Gracias a la vigilancia aérea, pude ver la aproximación final de los helicópteros. La primera nave voló a una altura estable y, al pasar por encima de la pared, se elevó para descender de inmediato al centro del pequeño patio central. Sin perder un instante, la fuerza de rescate descendió del Black Hawk y empezó a correr al interior del edificio. El segundo aparato, que seguía de cerca al primero, aterrizó a unos metros de su compañero. La tierra que removió el flujo descendente de aire de las dos aeronaves levantó una nube de polvo en torno al área de aterrizaje. Cuando el tercer helicóptero se acercó al complejo, la gigantesca polvareda cegó al piloto por un momento. La parte frontal del tercer aparato logró librar el muro, pero la rueda trasera chocó con la pared de dos metros y medio de altura, lo que lanzó ladrillos en todas direcciones. Sin espacio
para maniobrar, el piloto precipitó la nave al suelo con un golpe, pero los pasajeros salieron ilesos.Minutos después, recibí noticias de que todos los rehenes se encontraban a salvo. Al cabo de 30 minutos, la fuerza de rescate y los hombres liberados se encontraban rumbo a puerto seguro. El plan había funcionado.
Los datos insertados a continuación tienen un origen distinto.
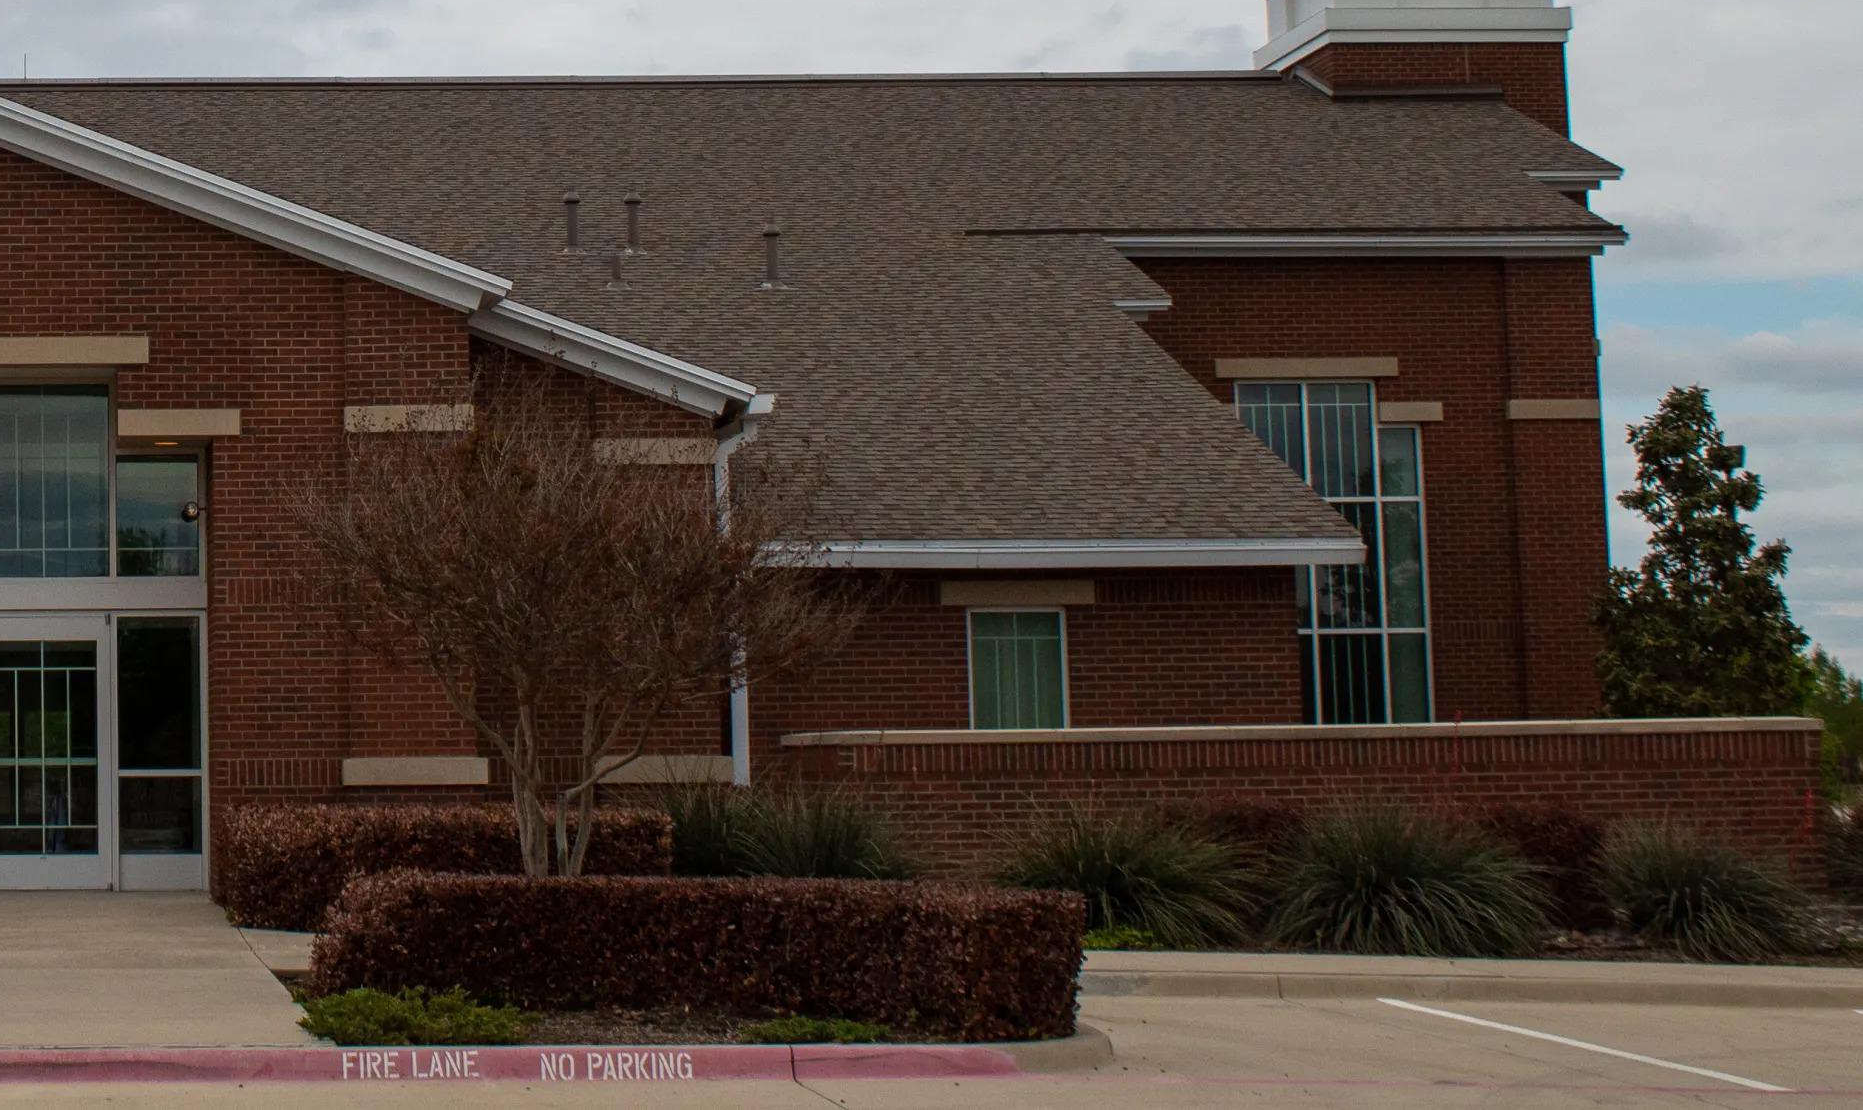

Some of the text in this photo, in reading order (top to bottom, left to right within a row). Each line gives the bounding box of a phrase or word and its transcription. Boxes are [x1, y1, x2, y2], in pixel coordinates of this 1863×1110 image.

[342, 1050, 693, 1081] FIRE LANE NO PARKING
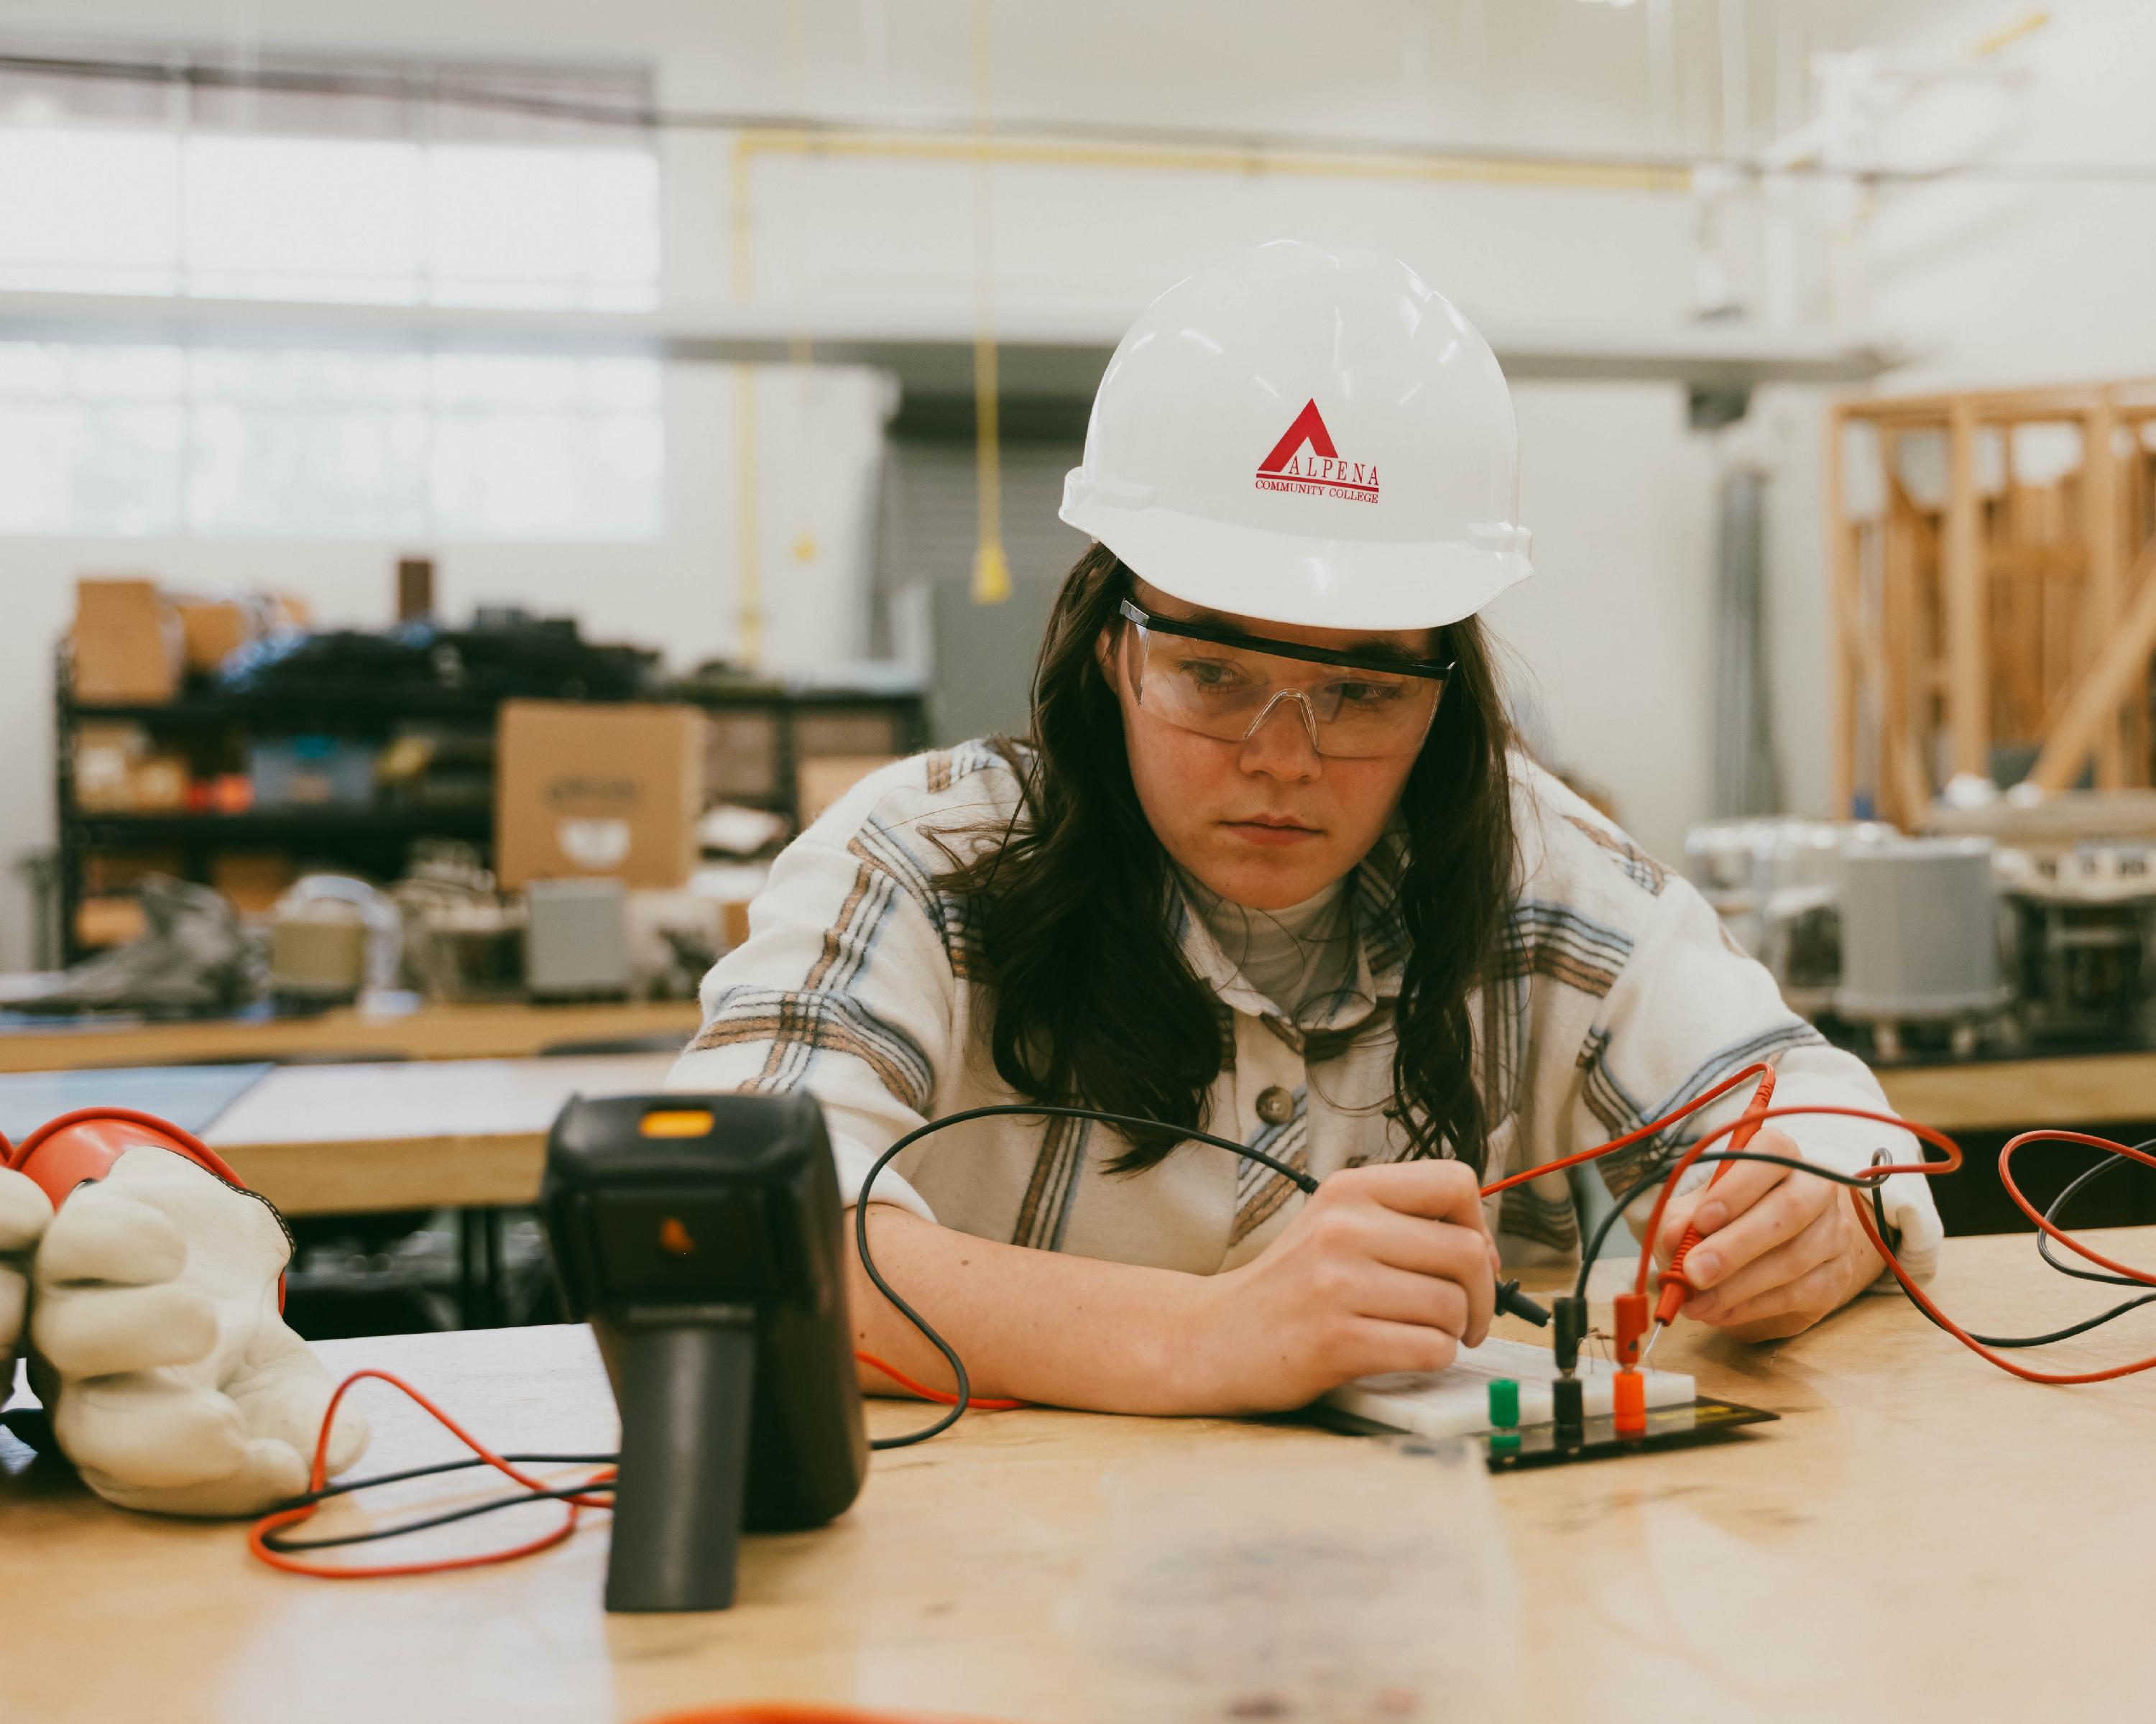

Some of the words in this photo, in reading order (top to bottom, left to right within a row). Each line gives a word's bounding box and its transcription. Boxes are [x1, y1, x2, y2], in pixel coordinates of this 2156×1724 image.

[1289, 455, 1379, 485] ALPENA
[1256, 480, 1324, 495] COMMUNITY
[1330, 489, 1378, 503] COLLEGE
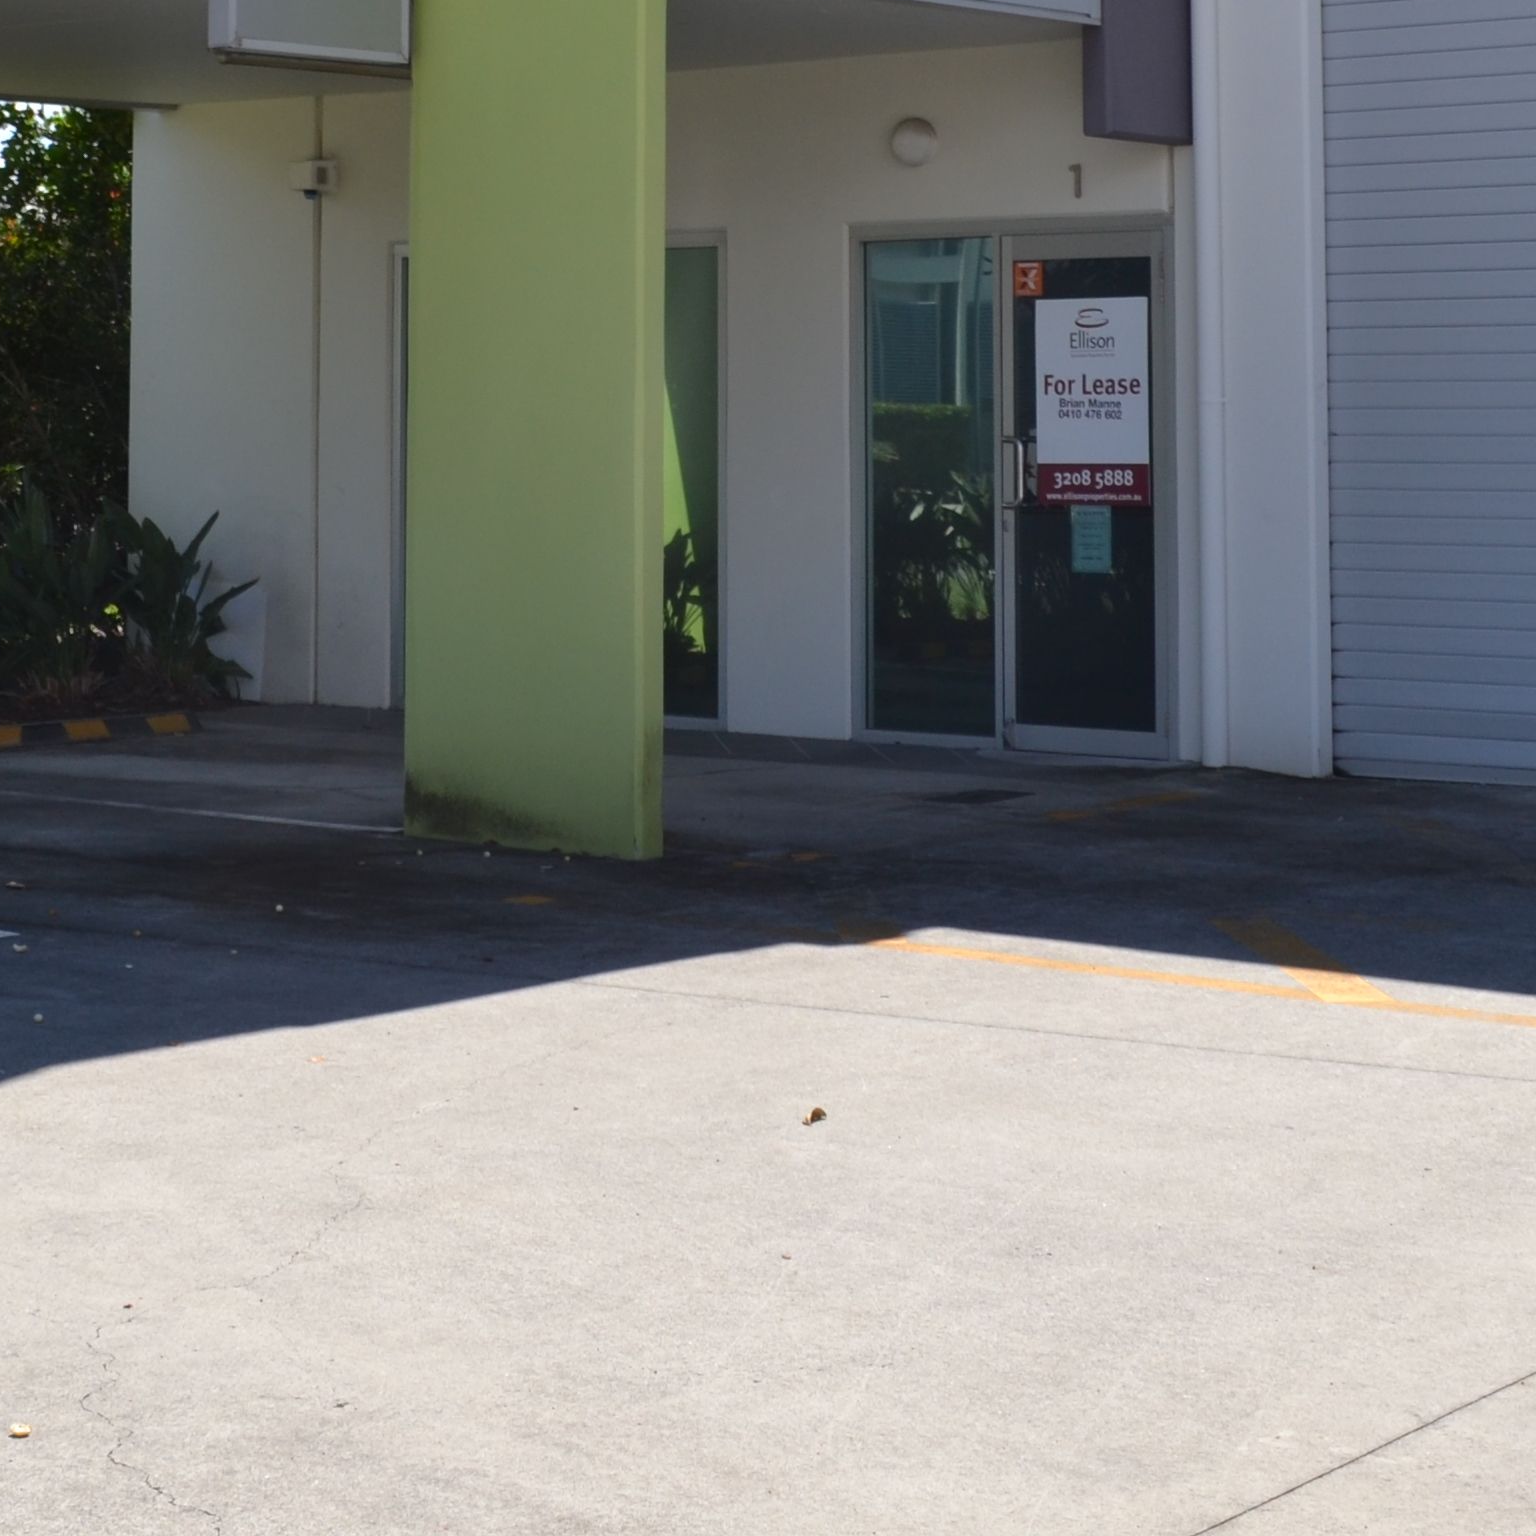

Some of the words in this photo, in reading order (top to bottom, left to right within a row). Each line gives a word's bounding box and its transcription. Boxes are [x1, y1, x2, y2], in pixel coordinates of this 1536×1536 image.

Durante la década siguiente comprendí que correr riesgos era algo habitual en las Fuerzas de Operaciones Especiales, que siempre desafiaban sus propios límites y los de sus máquinas con el fin de lograr un resultado exitoso. En muchos sentidos, eso es lo que los distingue de todos los demás. No obstante, a diferencia de lo que perciben las personas ajenas, generalmente el riesgo está
calculado, pensado y planeado hasta la extenuación. Aun en los casos en los que es espontáneo, los operadores conocen sus límites, pero creen lo suficiente en sí mismos como para intentarlo.A lo largo de mi trayectoria profesional, siempre sentí un gran respeto por el Servicio Aéreo Especial británico, el afamado SAS. El lema del SAS es: «Quien arriesga gana». El lema era tan admirado que incluso, momentos antes de la incursión contra Bin Laden, el sargento mayor de comandancia, Chris Faris, lo citó frente a los comandos SEAL que se preparaban para la misión. Para mí, ese lema es algo más que una manera de explicar cómo operan las fuerzas especiales británicas como unidad: tiene que ver con la manera en la que cada uno de nosotros debería enfrentarse a la vida.
La vida es una contienda y el fracaso siempre es una posibilidad, pero aquellos que viven con temor al fracaso, a las dificultades o a la vergüenza, jamás alcanzarán su máximo potencial. Si no desafías tus límites, si no te deslizas de cabeza de vez en cuando, si no arriesgas a lo grande, jamás sabrás lo que puedes lograr de verdad en la vida.